▸ **Your assignment**
Omitting all pictures, retype the entries below exactly as given.

▸ **Records from a collection**
================
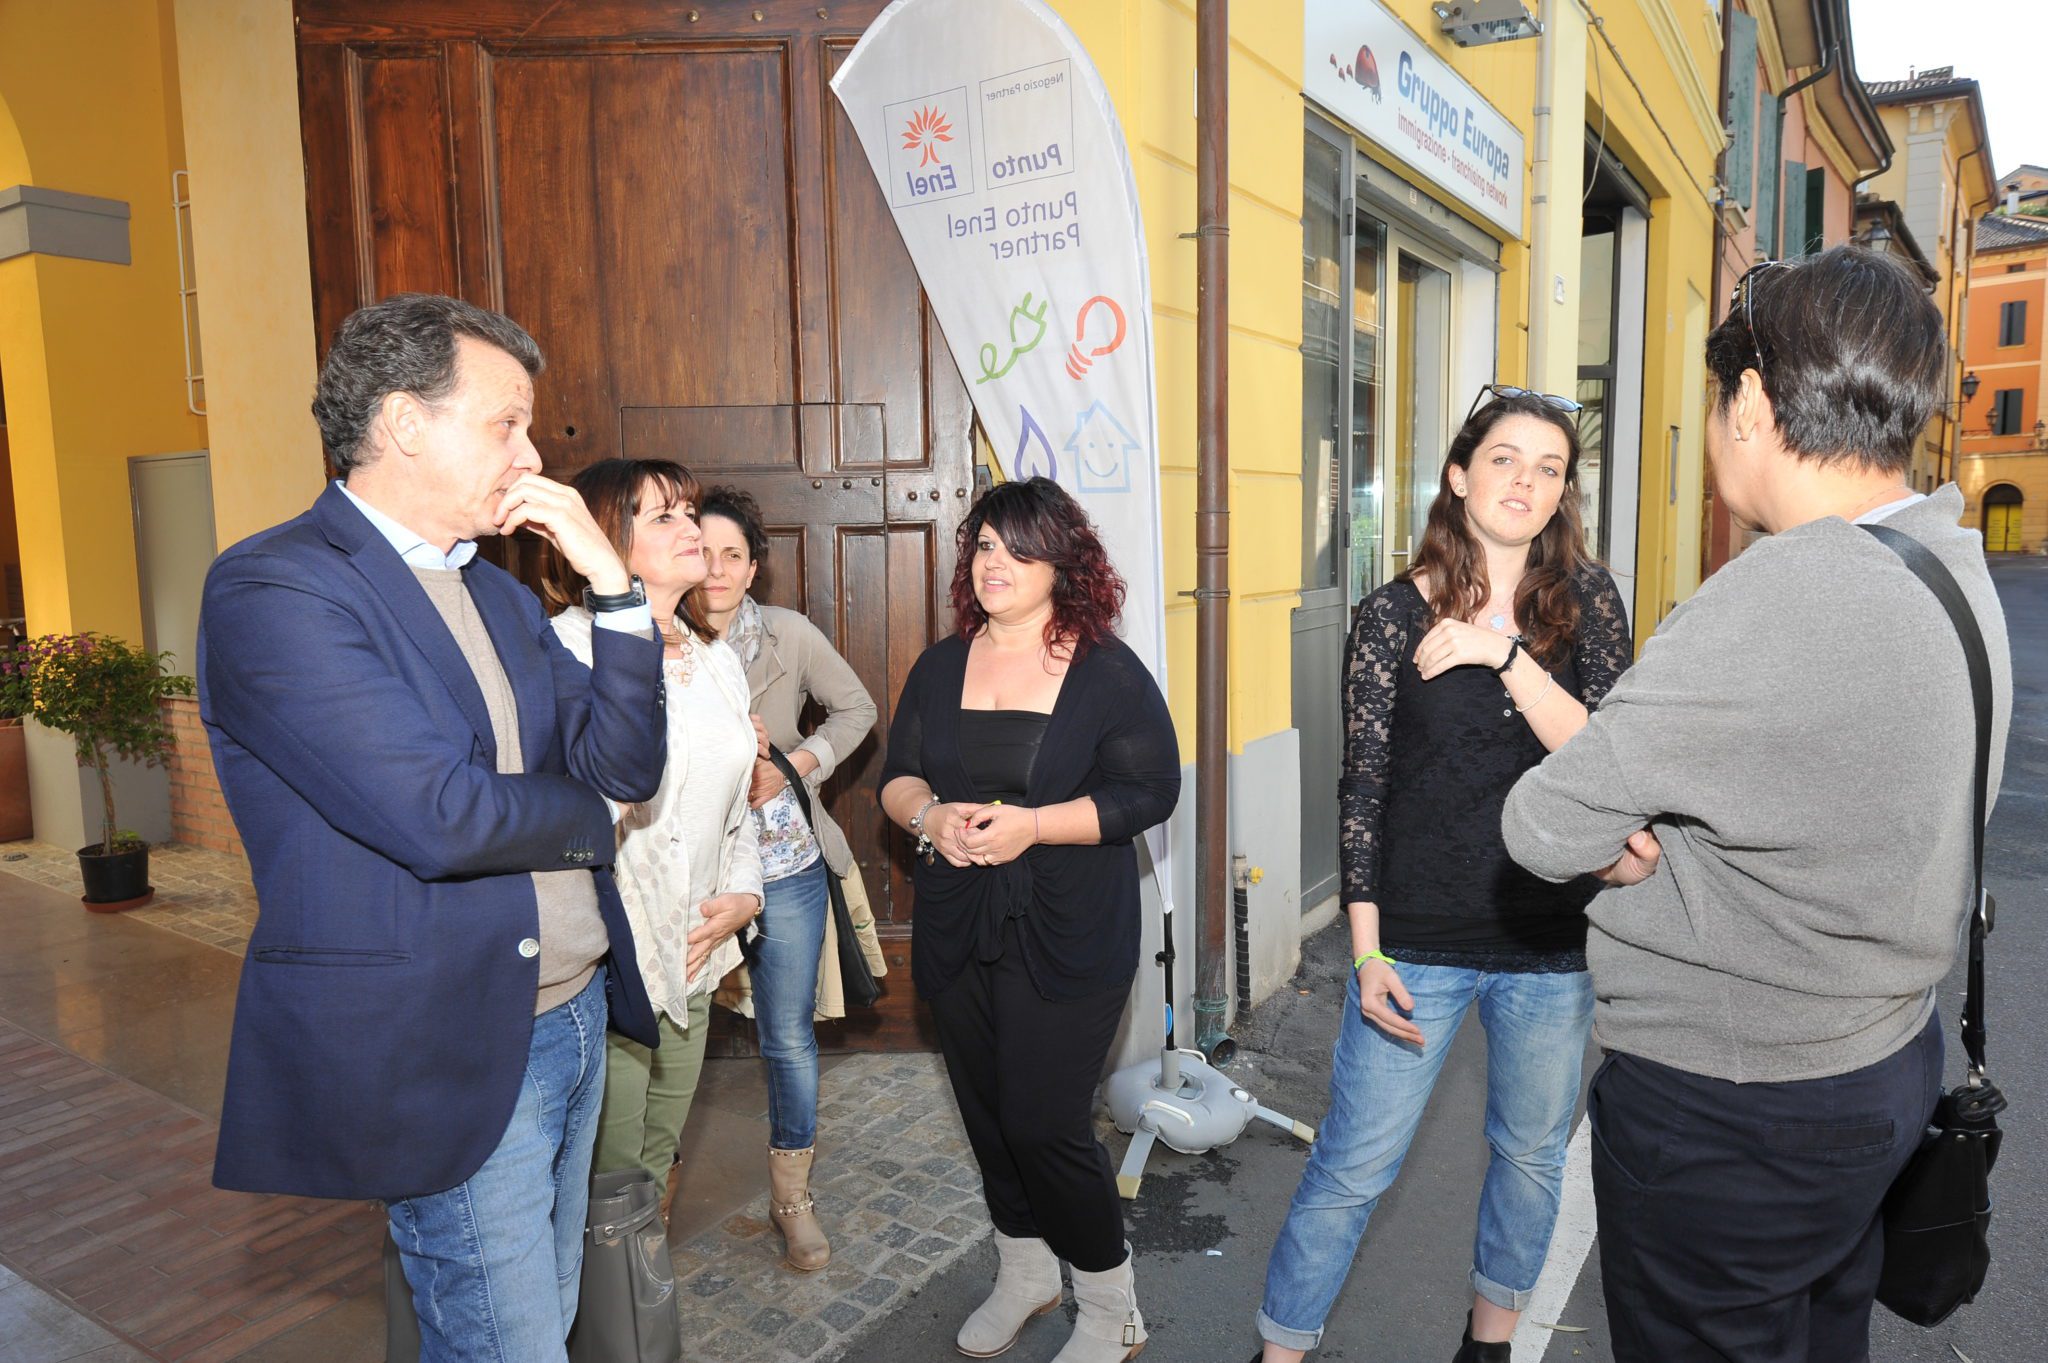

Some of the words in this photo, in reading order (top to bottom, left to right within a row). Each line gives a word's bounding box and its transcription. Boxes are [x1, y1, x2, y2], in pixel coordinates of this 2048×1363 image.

[1398, 50, 1458, 136] Gruppo
[1463, 106, 1510, 181] Europa
[1398, 107, 1447, 161] immigrazione
[1452, 149, 1485, 196] franchising
[1486, 184, 1508, 210] network
================
▸ **Answer box**
Some of the words in this photo, in reading order (top to bottom, left to right within a row). Each line gives a word's bounding box and its transcription. Boxes are [x1, y1, x2, y2], in pixel coordinates of this 2048×1363 image.

[1398, 50, 1458, 136] Gruppo
[1463, 106, 1510, 181] Europa
[1398, 107, 1447, 161] immigrazione
[1452, 149, 1485, 196] franchising
[1486, 184, 1508, 210] network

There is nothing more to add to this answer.